Second, administrative parochialism does not encourage employee development or innovation. There is an old adage that illustrates this issue: “They paid me 30 years to work with my hands - if they had just listened they could have had my brain also.” Instead of investing in the whole employee, government’s focus on silo’d duties and task-specific training nets only a limited return on its human resource investment.
Third, smaller organizations/operations can be successful and competitive by creating mutually beneficial relationships with other organizations. While there are only 30 Major League Baseball teams, there are more than 200 minor league, foreign league, and independent teams in existence. This is very similar to the handful of metropolitan areas in excess of 1,000,000 persons within the United States, and the myriad rural and less populated communities which need to create mutually beneficial relationships amongst themselves and with metropolitan organizations to be competitive.
Conclusion
Government is inherently less nimble than the private sector, and the smaller, rural communities in the United States have even fewer resources than their urban siblings to attract and retain human resource capital. If government is to compete and remain relevant, especially within rural communities, it must effectuate real change in how it recruits, trains, and compensates its employees. And Major League Baseball is a proven commodity that would be worth emulating.

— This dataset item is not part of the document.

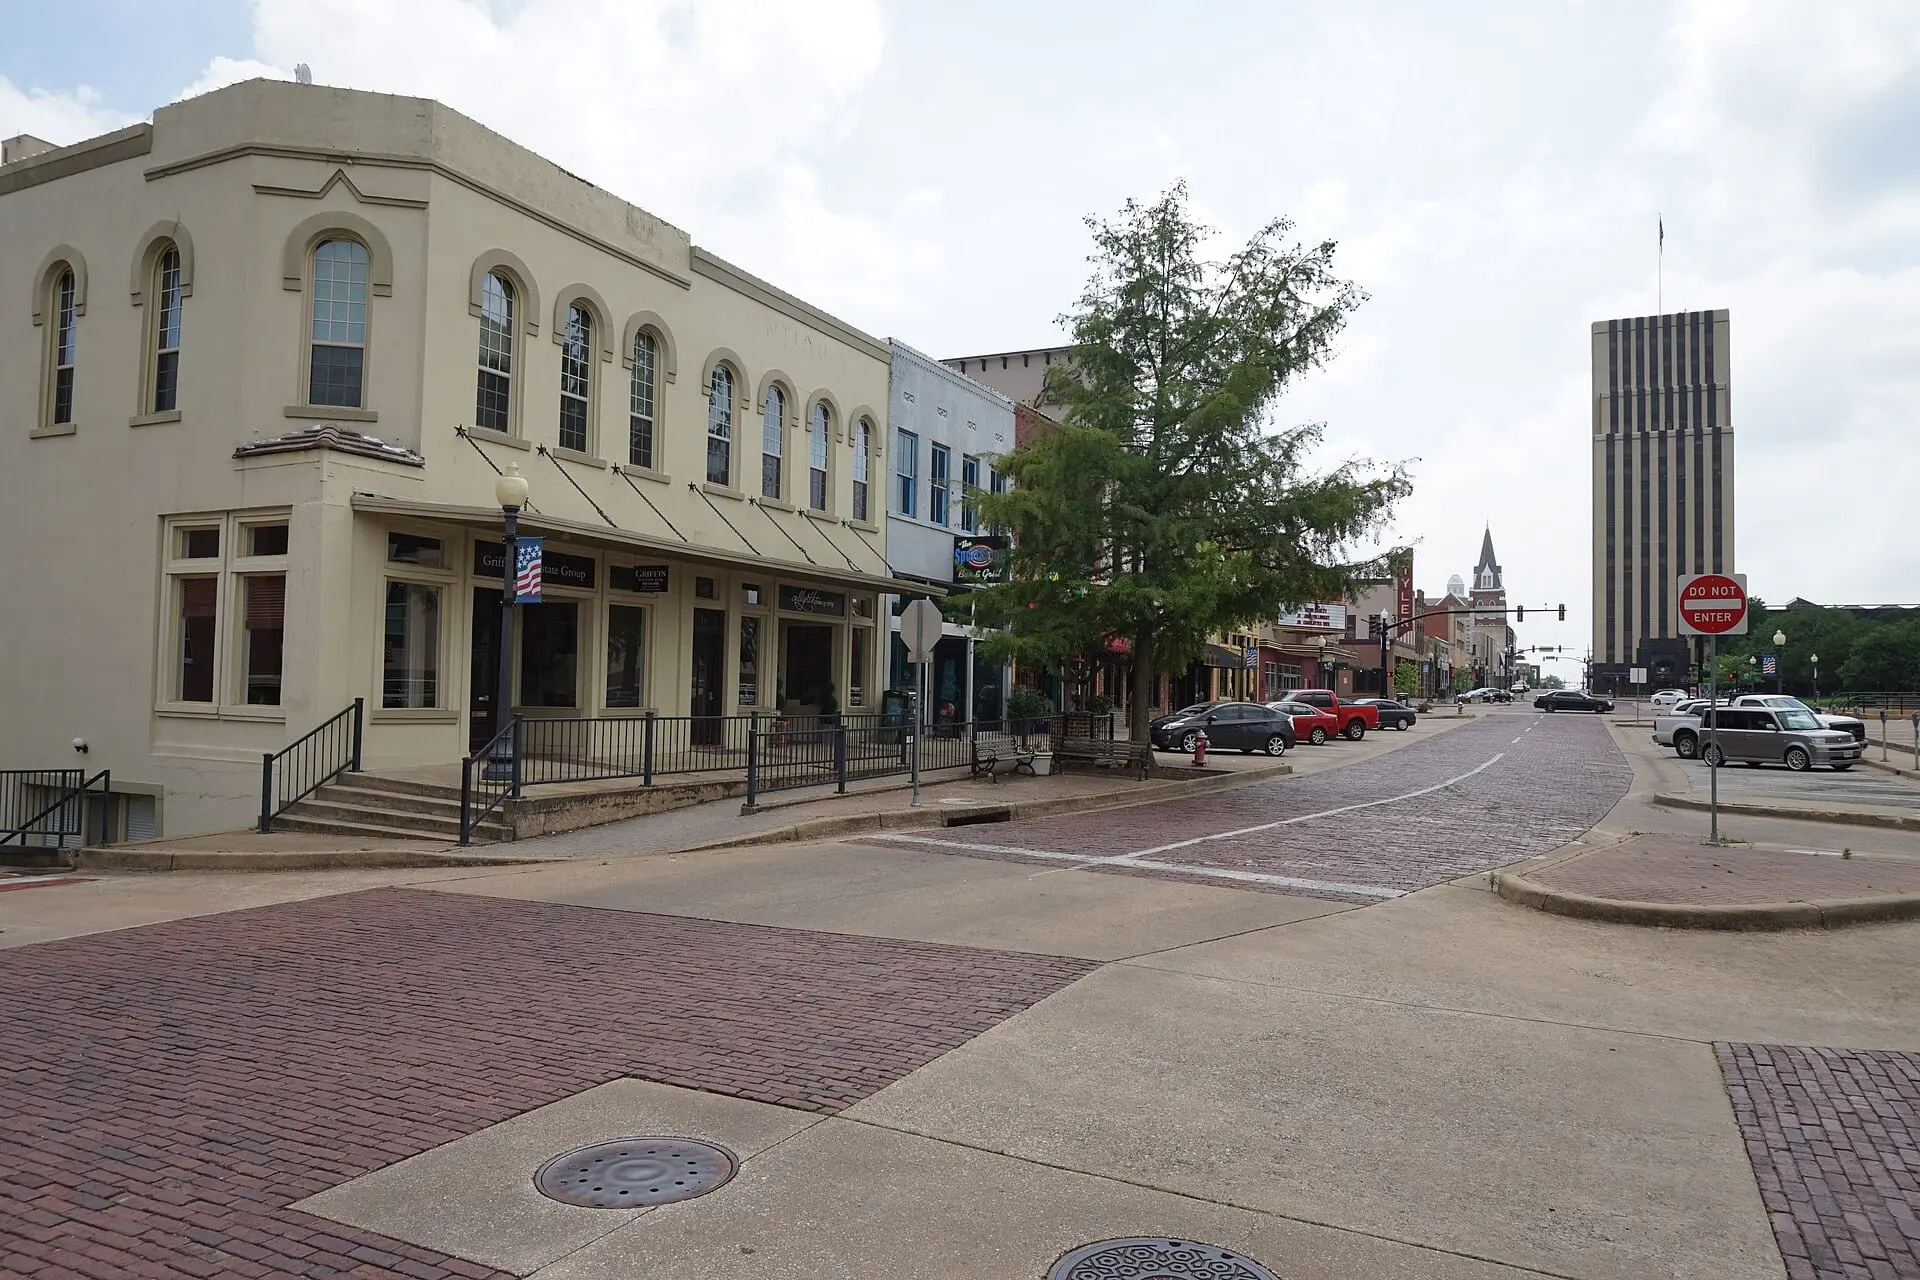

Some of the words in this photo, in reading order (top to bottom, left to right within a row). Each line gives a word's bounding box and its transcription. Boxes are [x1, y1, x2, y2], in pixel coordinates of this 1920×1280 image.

Aric A. Jensen, AICP graduated with honors from the University of Utah with a Bachelor’s Degree in Real Estate Development, a Professional Certificate in Urban Planning, and a Masters of Public Administration. During his career he has served in various leadership capacities including as a member of the Advisory Board for the College of Architecture and Planning at the University of Utah, as President of the Utah Chapter of the American Planning Association, as the Director of Planning and Economic Development for Bountiful City, Utah, and as the Director of Community Development for the City of Reno, Nevada. He also served several years as the acquisitions and planning manager for Knowlton General, a portfolio development and construction company located in Bountiful, Utah. He currently lives in Reno, Nevada, and manages the Office of Economic Development.